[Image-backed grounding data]
☆ ☆ ☆ ☆
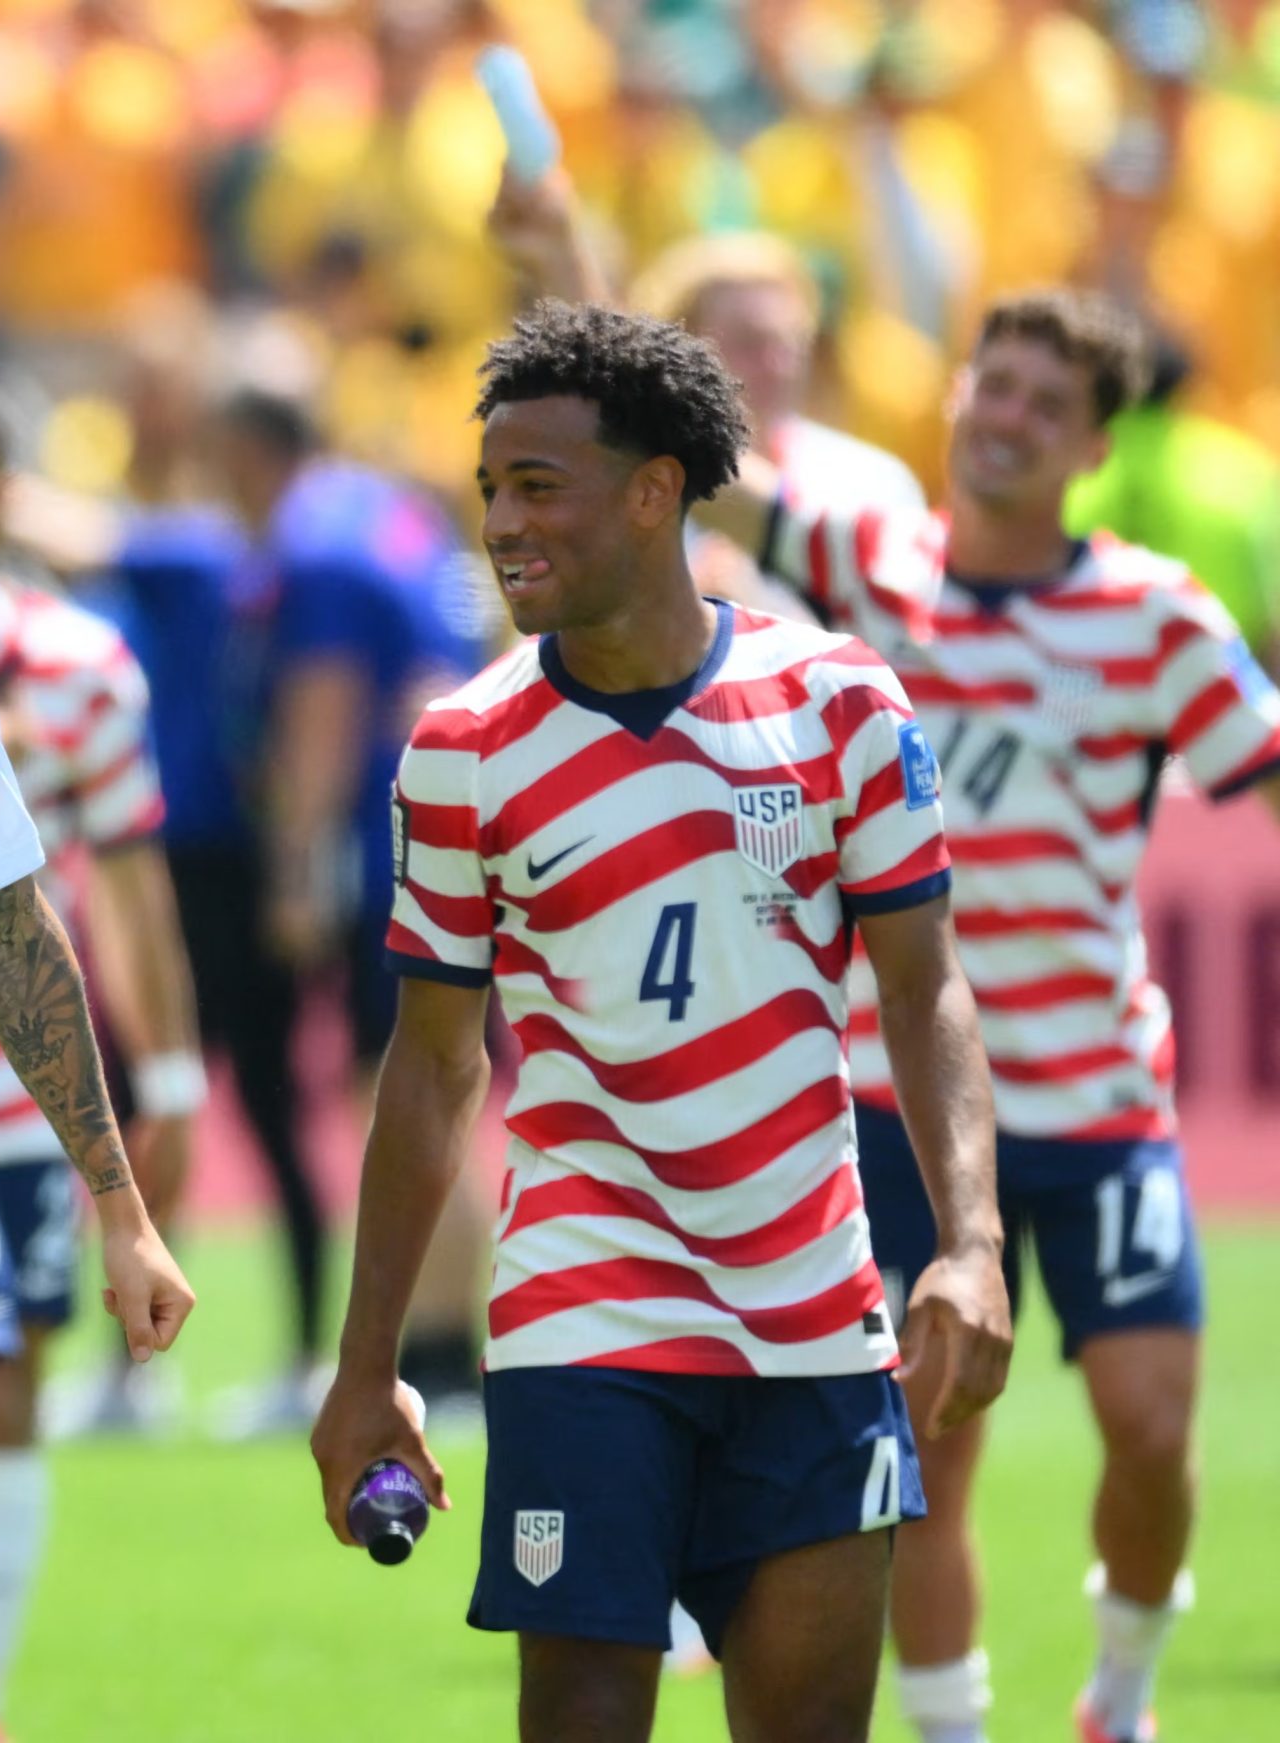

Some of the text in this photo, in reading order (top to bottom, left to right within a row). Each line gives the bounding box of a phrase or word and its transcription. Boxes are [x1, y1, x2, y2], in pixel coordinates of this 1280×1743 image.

[738, 790, 797, 824] USA
[639, 902, 698, 1022] 4
[1094, 1168, 1182, 1270] 14
[520, 1515, 560, 1543] USA
☆ ☆ ☆ ☆
§ **EXERCISE OBJECTIVE**:
An exact copy of the data is required, with the pictures excluded.

§ **ANSWER SECTION**:
Some of the text in this photo, in reading order (top to bottom, left to right within a row). Each line gives the bounding box of a phrase or word and its transcription. Boxes are [x1, y1, x2, y2], in pixel coordinates of this 1280×1743 image.

[738, 790, 797, 824] USA
[639, 902, 698, 1022] 4
[1094, 1168, 1182, 1270] 14
[520, 1515, 560, 1543] USA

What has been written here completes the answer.